**EXERCISE INPUTS:**
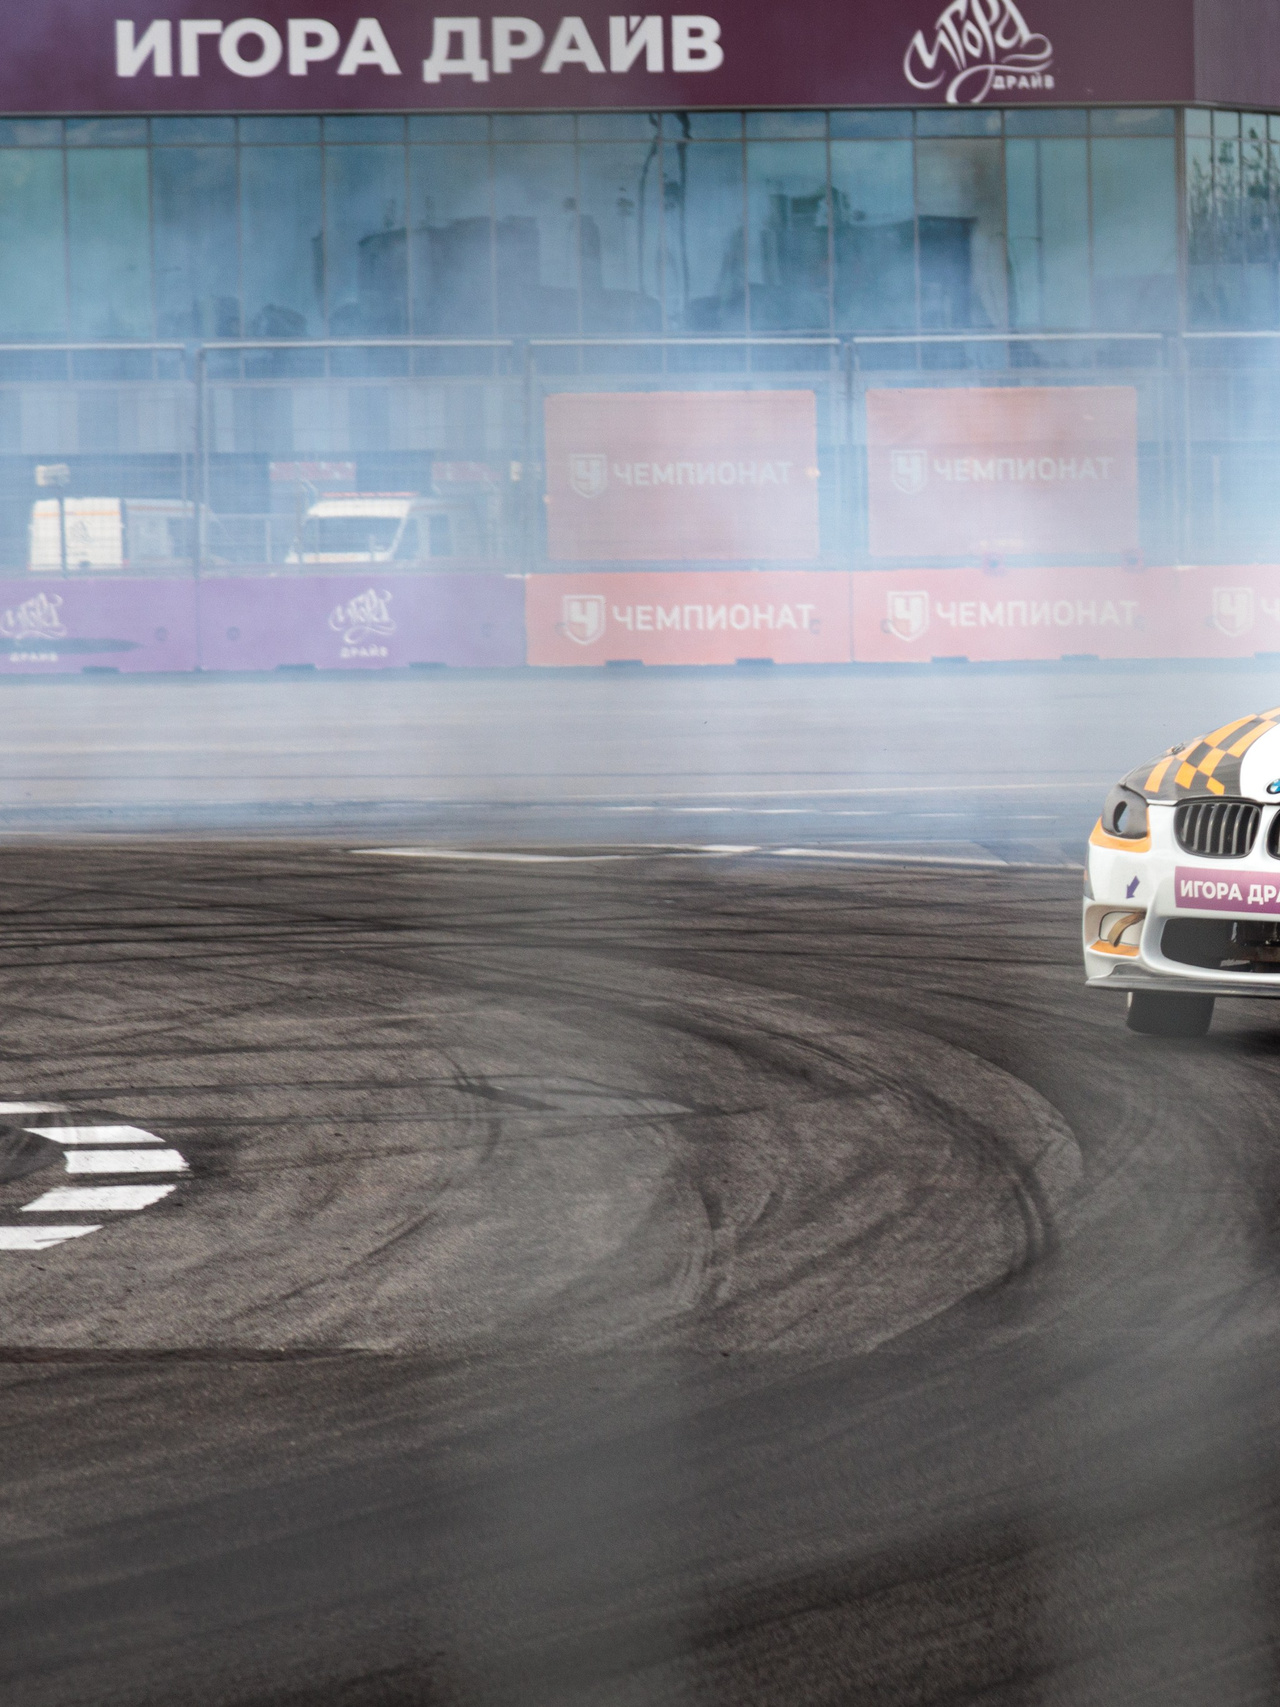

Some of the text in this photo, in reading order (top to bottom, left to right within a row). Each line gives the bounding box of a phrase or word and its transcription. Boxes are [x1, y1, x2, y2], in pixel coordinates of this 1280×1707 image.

[115, 14, 725, 83] ИГОРА ДРАЙВ
[992, 72, 1055, 90] ДРАЙВ
[613, 460, 796, 487] ЧЕМПИОНАТ
[933, 456, 1115, 484] ЧЕМПИОНАТ
[612, 602, 816, 632] ЧЕМПИОНАТ
[936, 600, 1138, 629] ЧЕМПИОНАТ
[1180, 879, 1242, 901] ИГОРА
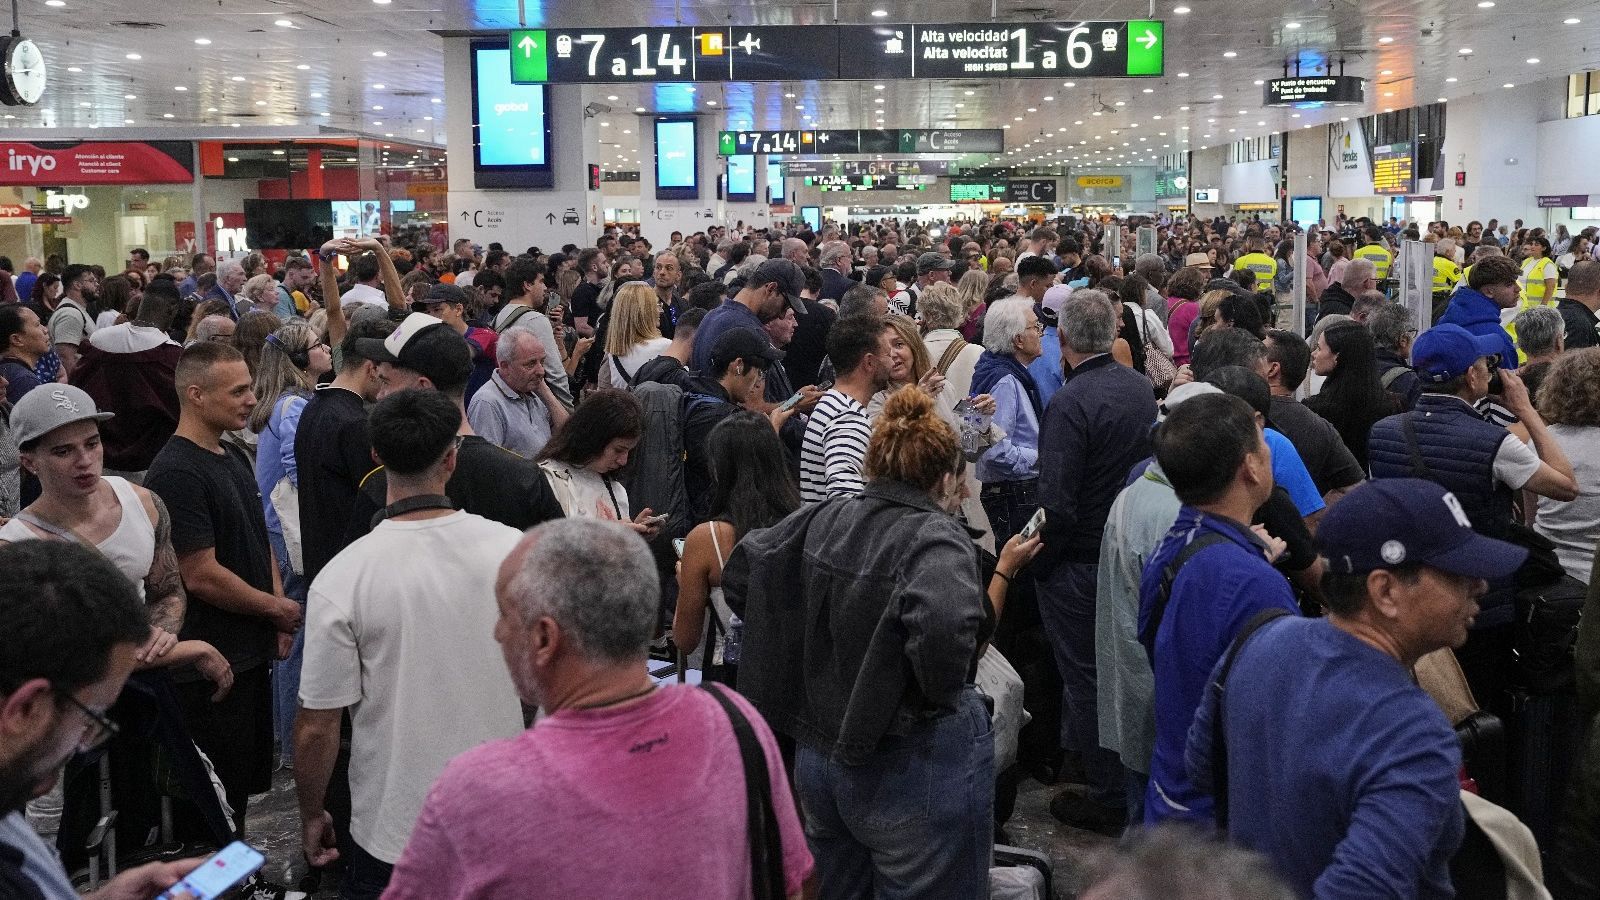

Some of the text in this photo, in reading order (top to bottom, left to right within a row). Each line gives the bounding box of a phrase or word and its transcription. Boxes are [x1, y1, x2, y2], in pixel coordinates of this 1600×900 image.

**TASK TO COMPLETE:** Repeat the listing above in full, exactly, and omit its pictures.

**ANSWER:**
Some of the text in this photo, in reading order (top to bottom, left to right within a row). Each line gives the bounding box of a phrase or word and its transcription. Boxes are [x1, y1, x2, y2], in pixel coordinates of this 1280×1707 image.

[115, 14, 725, 83] ИГОРА ДРАЙВ
[992, 72, 1055, 90] ДРАЙВ
[613, 460, 796, 487] ЧЕМПИОНАТ
[933, 456, 1115, 484] ЧЕМПИОНАТ
[612, 602, 816, 632] ЧЕМПИОНАТ
[936, 600, 1138, 629] ЧЕМПИОНАТ
[1180, 879, 1242, 901] ИГОРА

Some of the text in this photo, in reading order (top to bottom, left to right within a row). Each line gives the bounding box of a phrase or word and its transcription. Boxes are [x1, y1, x2, y2], in pixel coordinates of this 1600×900 image.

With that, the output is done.